> _WHAT YOU ARE ASKED TO DO_: After locating the line that contains "this 1652×2217 image.", restate it and each later line word for word through the end of the records.

> _Free-text object descriptions_:

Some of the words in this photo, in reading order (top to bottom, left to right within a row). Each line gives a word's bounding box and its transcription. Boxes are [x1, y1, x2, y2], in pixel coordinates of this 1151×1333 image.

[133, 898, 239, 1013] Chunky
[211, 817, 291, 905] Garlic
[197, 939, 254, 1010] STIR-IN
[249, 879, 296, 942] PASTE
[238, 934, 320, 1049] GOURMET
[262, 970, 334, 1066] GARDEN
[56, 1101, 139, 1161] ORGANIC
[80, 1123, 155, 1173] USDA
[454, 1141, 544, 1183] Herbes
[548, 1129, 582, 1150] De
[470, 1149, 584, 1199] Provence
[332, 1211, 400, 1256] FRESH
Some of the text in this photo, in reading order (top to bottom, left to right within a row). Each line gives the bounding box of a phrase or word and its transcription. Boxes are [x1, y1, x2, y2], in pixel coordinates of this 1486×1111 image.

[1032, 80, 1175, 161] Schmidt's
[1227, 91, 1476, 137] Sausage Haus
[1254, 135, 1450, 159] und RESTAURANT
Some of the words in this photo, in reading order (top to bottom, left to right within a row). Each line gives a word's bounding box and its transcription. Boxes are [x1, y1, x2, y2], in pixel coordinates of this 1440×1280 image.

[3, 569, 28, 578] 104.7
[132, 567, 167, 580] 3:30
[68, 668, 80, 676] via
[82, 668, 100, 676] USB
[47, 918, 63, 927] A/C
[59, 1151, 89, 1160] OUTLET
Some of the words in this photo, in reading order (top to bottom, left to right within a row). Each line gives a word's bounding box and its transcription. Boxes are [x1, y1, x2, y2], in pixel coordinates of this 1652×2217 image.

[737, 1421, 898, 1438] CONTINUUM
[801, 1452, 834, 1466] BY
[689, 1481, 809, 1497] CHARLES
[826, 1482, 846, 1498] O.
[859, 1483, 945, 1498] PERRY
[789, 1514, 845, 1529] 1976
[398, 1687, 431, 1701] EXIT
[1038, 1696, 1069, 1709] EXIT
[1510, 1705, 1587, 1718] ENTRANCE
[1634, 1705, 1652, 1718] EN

> _YOUR RESPONSE_:
Some of the words in this photo, in reading order (top to bottom, left to right within a row). Each line gives a word's bounding box and its transcription. Boxes are [x1, y1, x2, y2], in pixel coordinates of this 1652×2217 image.

[737, 1421, 898, 1438] CONTINUUM
[801, 1452, 834, 1466] BY
[689, 1481, 809, 1497] CHARLES
[826, 1482, 846, 1498] O.
[859, 1483, 945, 1498] PERRY
[789, 1514, 845, 1529] 1976
[398, 1687, 431, 1701] EXIT
[1038, 1696, 1069, 1709] EXIT
[1510, 1705, 1587, 1718] ENTRANCE
[1634, 1705, 1652, 1718] EN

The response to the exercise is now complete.